[Dataset entries]
════════

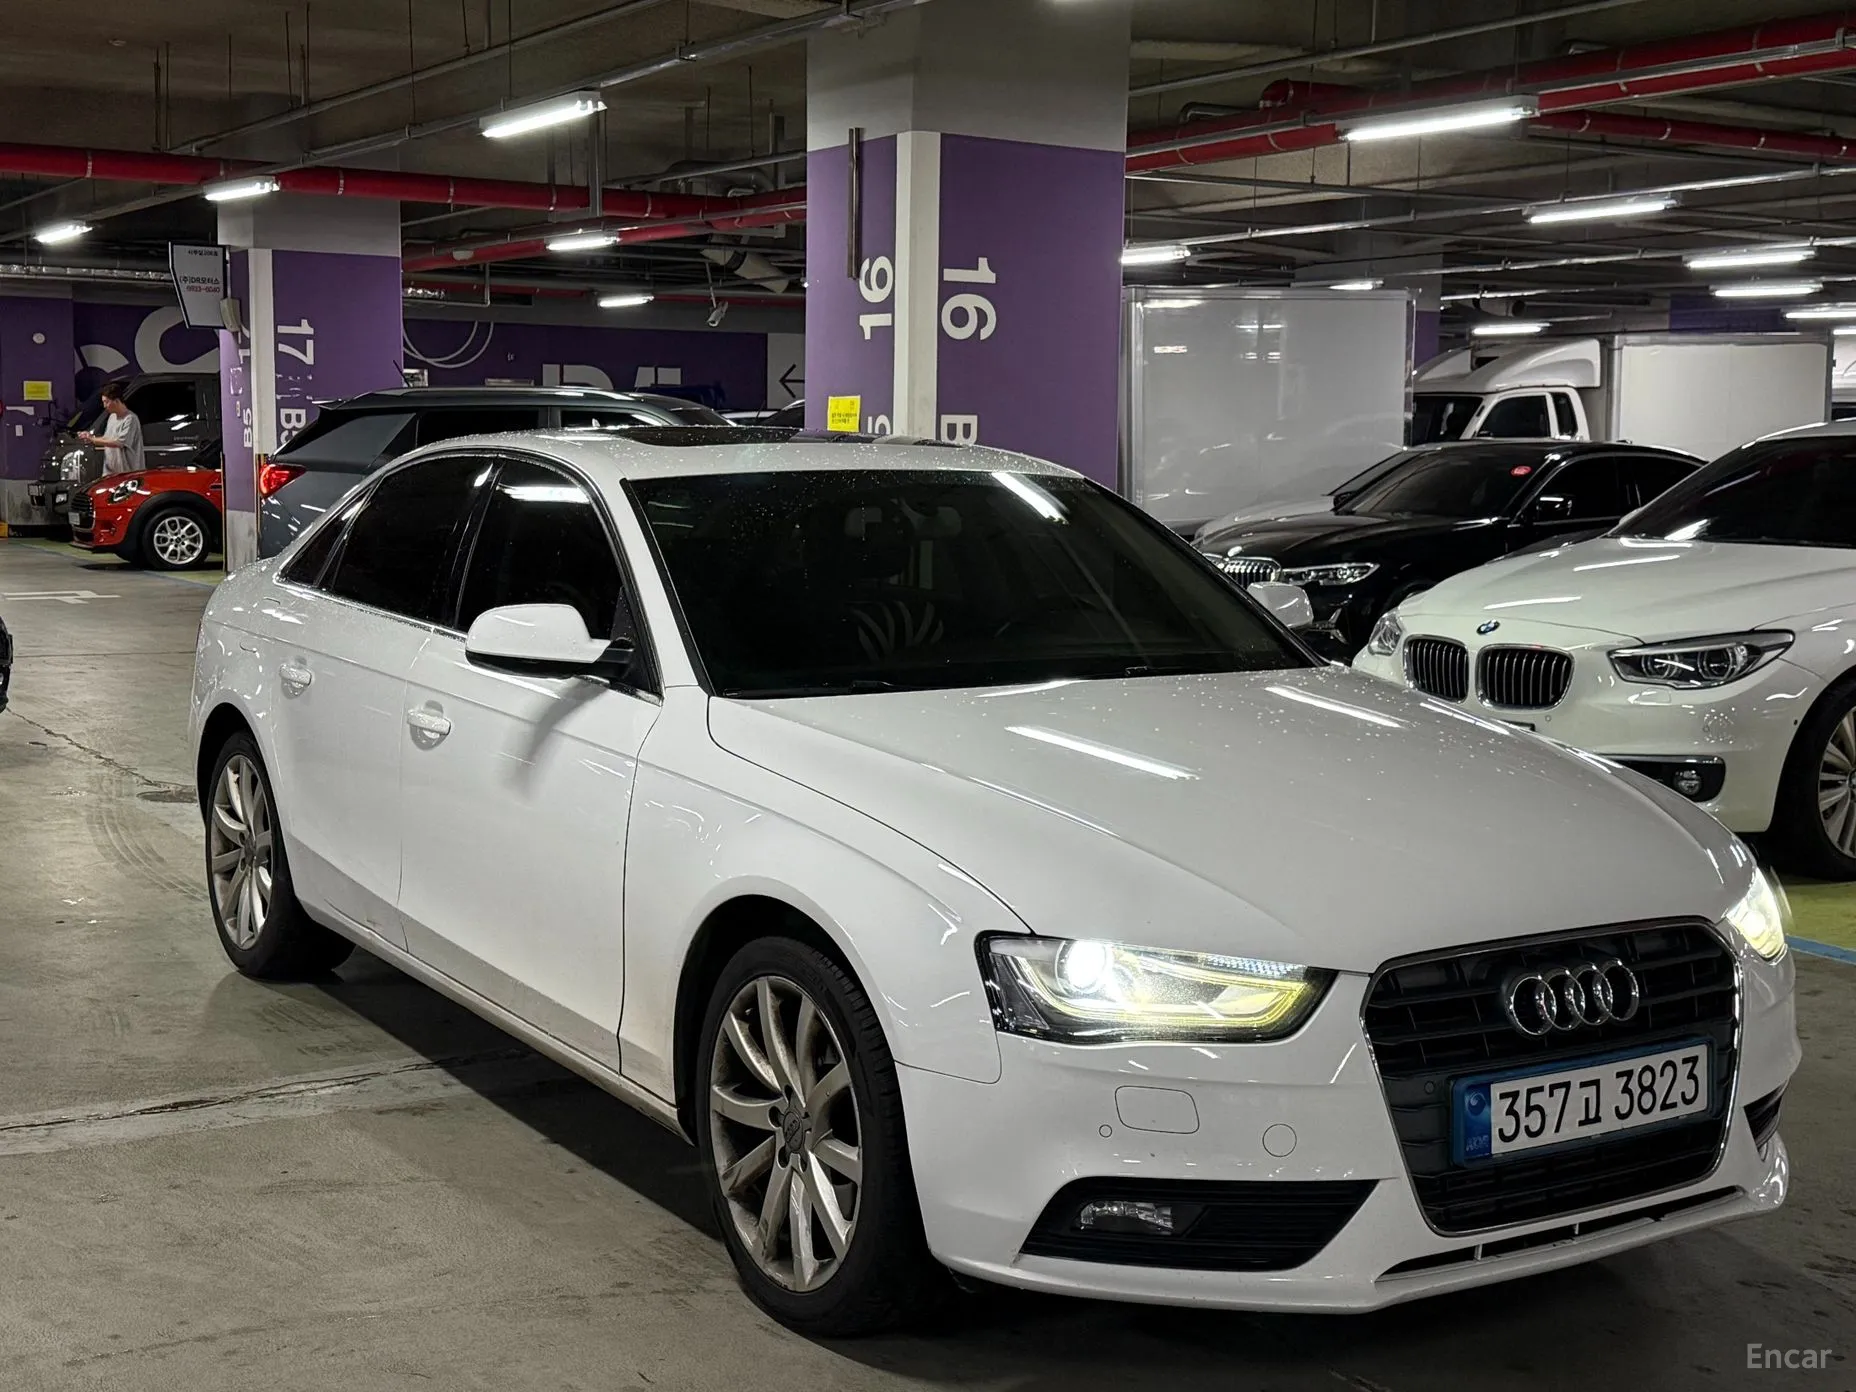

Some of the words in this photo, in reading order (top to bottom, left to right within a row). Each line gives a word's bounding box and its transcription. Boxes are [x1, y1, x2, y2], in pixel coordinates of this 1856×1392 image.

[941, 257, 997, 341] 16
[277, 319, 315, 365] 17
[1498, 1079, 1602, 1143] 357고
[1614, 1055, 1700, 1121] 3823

════════

**EXERCISE DETAILS:**
The output has to match the data above line for line, except that pictures are dropped.

**OUTPUT:**
Some of the words in this photo, in reading order (top to bottom, left to right within a row). Each line gives a word's bounding box and its transcription. Boxes are [x1, y1, x2, y2], in pixel coordinates of this 1856×1392 image.

[941, 257, 997, 341] 16
[277, 319, 315, 365] 17
[1498, 1079, 1602, 1143] 357고
[1614, 1055, 1700, 1121] 3823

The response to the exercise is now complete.